Word for word, transcribe the lines from the one containing "this 1771×1179 image." through the end of the entries, both included, and nothing else.

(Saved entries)
[Start of section]
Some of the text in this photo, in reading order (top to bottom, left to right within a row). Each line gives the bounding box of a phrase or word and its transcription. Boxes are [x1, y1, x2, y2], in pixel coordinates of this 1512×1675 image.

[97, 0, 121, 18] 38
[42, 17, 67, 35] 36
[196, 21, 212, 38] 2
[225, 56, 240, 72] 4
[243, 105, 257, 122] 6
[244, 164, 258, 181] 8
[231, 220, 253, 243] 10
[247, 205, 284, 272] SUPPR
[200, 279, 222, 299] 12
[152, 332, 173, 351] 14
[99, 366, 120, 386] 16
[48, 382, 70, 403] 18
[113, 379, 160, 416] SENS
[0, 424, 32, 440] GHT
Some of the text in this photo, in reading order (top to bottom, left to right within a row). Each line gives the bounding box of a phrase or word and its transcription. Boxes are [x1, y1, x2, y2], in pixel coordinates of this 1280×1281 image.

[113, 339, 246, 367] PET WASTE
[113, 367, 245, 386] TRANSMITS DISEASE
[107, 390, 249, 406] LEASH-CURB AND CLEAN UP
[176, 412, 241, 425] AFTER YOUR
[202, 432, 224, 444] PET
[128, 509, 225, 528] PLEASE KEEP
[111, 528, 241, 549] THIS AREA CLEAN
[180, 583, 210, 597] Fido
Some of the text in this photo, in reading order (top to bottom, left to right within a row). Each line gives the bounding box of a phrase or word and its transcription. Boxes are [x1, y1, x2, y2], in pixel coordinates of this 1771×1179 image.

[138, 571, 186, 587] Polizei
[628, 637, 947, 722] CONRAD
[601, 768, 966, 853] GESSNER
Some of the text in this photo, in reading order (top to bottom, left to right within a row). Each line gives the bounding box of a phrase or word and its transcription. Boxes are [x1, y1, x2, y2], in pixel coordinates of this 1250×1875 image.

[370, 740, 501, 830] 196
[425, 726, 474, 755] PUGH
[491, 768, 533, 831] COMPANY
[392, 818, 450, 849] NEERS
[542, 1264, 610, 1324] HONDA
[End of section]
> [Task result]
Some of the text in this photo, in reading order (top to bottom, left to right within a row). Each line gives the bounding box of a phrase or word and its transcription. Boxes are [x1, y1, x2, y2], in pixel coordinates of this 1771×1179 image.

[138, 571, 186, 587] Polizei
[628, 637, 947, 722] CONRAD
[601, 768, 966, 853] GESSNER
Some of the text in this photo, in reading order (top to bottom, left to right within a row). Each line gives the bounding box of a phrase or word and its transcription. Boxes are [x1, y1, x2, y2], in pixel coordinates of this 1250×1875 image.

[370, 740, 501, 830] 196
[425, 726, 474, 755] PUGH
[491, 768, 533, 831] COMPANY
[392, 818, 450, 849] NEERS
[542, 1264, 610, 1324] HONDA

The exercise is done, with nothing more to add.